Junto con su inseparable novia Mirka, el suizo programa milimétricamente los torneos, su comida, ropa y futuro. Este año su meta es ganar los cuatro grandes. Este lunes comienza el reto en el Abierto de Australia.

Jesús Ruiz Mantilla / Especial de El País para El Espectador
15 de enero de 2008 - 10:36 a. m.

Fue hace unos treinta años. Una manera de jugar quedó enterrada en la memoria de los más viejos. Todo se fue encarnizando con la frialdad de la tecnología y los nuevos materiales que se aplicaban a la raqueta. La potencia sustituyó al estilo. La brusquedad física, gran aliada de la fortaleza mental, le ganó terreno a la astucia y arrinconó esa arma de los supervivientes que es la habilidad.

Muchos temieron que jamás se volvería a ver sobre las pistas a nadie con swing, que desaparecería para siempre la elegancia en los golpes, o aquella magia de las muñecas en pos de la espectacularidad. Que se borraría de los manuales un sencillo revés con el brazo estirado hasta el límite que no fuera la catapulta a dos manos implantada en la época de Jimmy Connors y Björn Borg.

Pero entonces llegó él. Roger Federer. Ese profeta del clasicismo, que con el estilo de toda la vida se aupó hasta el número uno casi sin hacer ruido. Lo hizo con una estética y una filosofía que gran cantidad de aficionados había dado por muerta, pero que le ha convertido en el mejor jugador del mundo. Y… suma y sigue. Porque puede que, al ritmo que lleva, se consagre como el más grande de la historia del tenis, por delante de Borg y Pete Sampras.

El propio Federer, desde que empezó a llamar la atención como juvenil en los circuitos hasta que se consagró en un más que eléctrico partido frente a Sampras en octavos de final de Wimbledon en 2001 –el día en que se consumó la sucesión–, no era consciente de que su potencial, de que su manera de estar en la pista desataba en muchos una nostalgia que le convertía en una especie de profeta. En el símbolo de un mundo perdido. “Hoy no se estila el modo clásico, con golpes finos, más acercamientos a la red. Resulta llamativo porque no se usa, así que es una ventaja. Mi juego ha cambiado, también yo he tenido que adaptarme a ciertas cosas, a atacar y defenderme. Todo ello, mezclado, ha sido importante para estar arriba”, dice Federer.

Aquel estilo perdido era cosa de un pasado lejano, algo terminado muchas temporadas antes de que él naciera en Basilea (Suiza) el 8 de agosto de 1981, el año en que Björn Borg, el primer gran icono tenístico de la era moderna, se retirara luego de haber ganado 62 torneos, entre ellos 11 grand slams.
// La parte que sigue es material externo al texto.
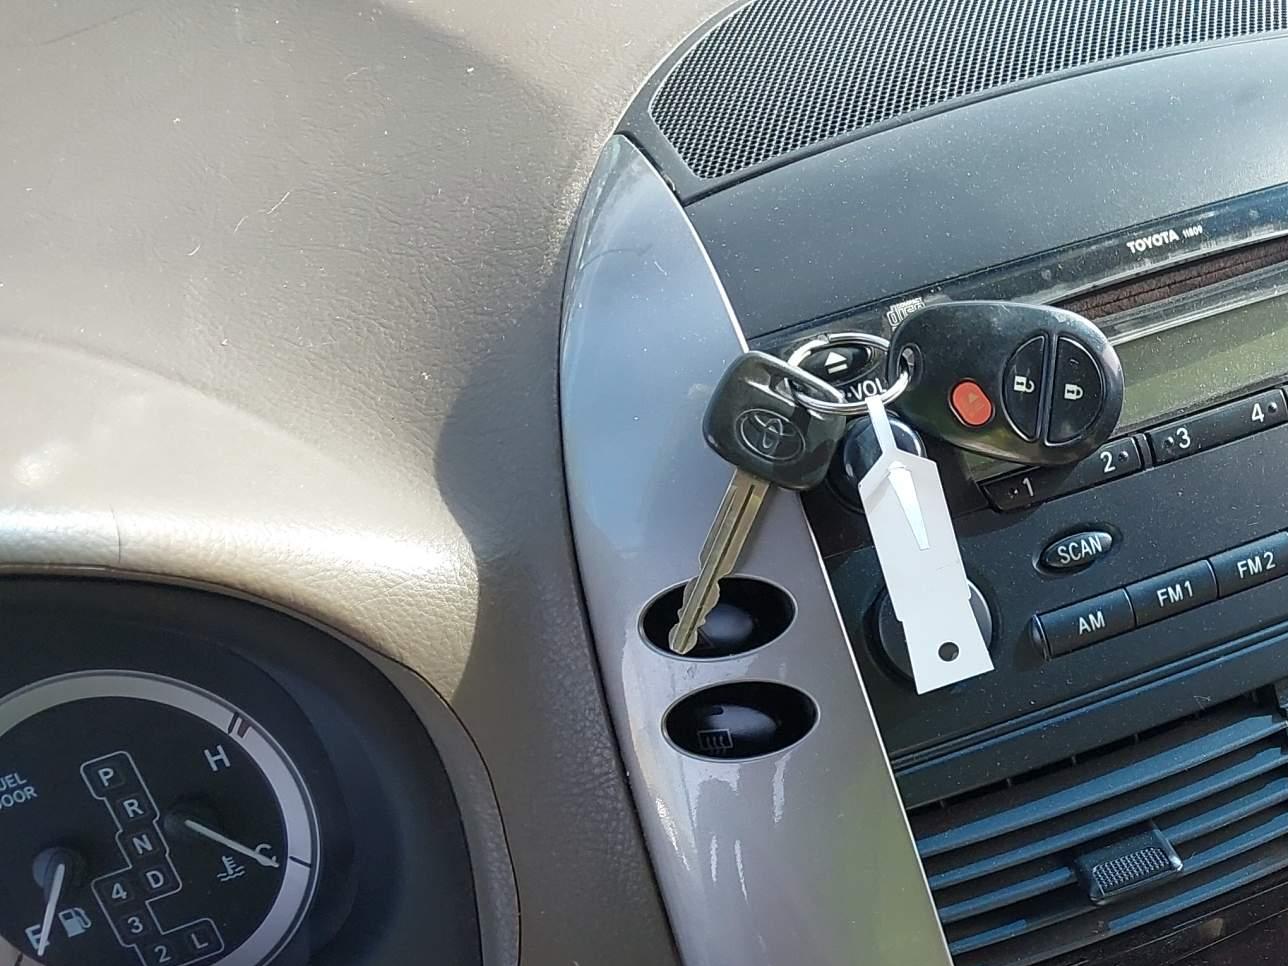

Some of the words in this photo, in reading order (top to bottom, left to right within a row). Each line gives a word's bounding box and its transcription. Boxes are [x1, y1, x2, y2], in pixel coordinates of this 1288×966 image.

[1126, 229, 1180, 254] TOYOTA
[1251, 402, 1265, 424] 4
[1176, 427, 1191, 449] 3
[1100, 451, 1116, 473] 2
[1022, 477, 1034, 497] 1
[1057, 535, 1103, 565] SCAN
[1078, 610, 1106, 635] AM
[204, 745, 231, 771] H
[98, 767, 115, 787] P
[0, 786, 38, 809] OOR
[123, 798, 144, 818] R
[132, 834, 153, 854] N
[111, 882, 128, 900] 4
[147, 870, 165, 889] D
[126, 916, 144, 934] 3
[153, 945, 171, 962] 2
[191, 932, 208, 949] L
Su forma de jugar se remontaba a años antes de que el sueco fuera el rey. Hoy, Federer ha comprendido la importancia de su manera de competir. La luz de su estilo. Y ahonda en ello constantemente. Tanto, que ha decidido recorrer ese camino en busca de la perfección, con todas las consecuencias. El camino que, con poco más, le llevará a batir todos los récords, a construir el historial más grande de su deporte. Sus marcas ya son más que portentosas: 52 torneos con 12 grand slams.
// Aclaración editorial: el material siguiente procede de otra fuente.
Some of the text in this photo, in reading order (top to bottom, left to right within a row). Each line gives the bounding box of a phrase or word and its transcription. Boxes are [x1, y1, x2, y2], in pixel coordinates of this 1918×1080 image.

Sampras logró 14, entre ellos, cinco Wimbledon, cuatro Abiertos de Estados Unidos y tres de Australia. Y Federer todo lo ha cosechado fiel a su clasicismo. Algo que estaba en las retinas y el subconsciente de los que han cumplido más de 40 años y que lo han visto volver con Federer como una bendición incluso mejorada.

Pero llegar a la cumbre no fue fácil. Roger, al principio, no tenía una gran mentalidad. Hoy, Federer es un tenista maduro, que con 26 años cree que le queda mucho tiempo por delante en la alta competición después de haberlo ganado casi todo –de los grand slams sólo le queda el Roland Garros– y de mantenerse como número uno desde febrero de 2004. Sin interrupción. Pero sus objetivos van perfilándose paso a paso, día tras día, sin plazos demasiado largos: “Para esta temporada aspiro a defender mi número uno hasta el final y participar en los Juegos Olímpicos”, dice.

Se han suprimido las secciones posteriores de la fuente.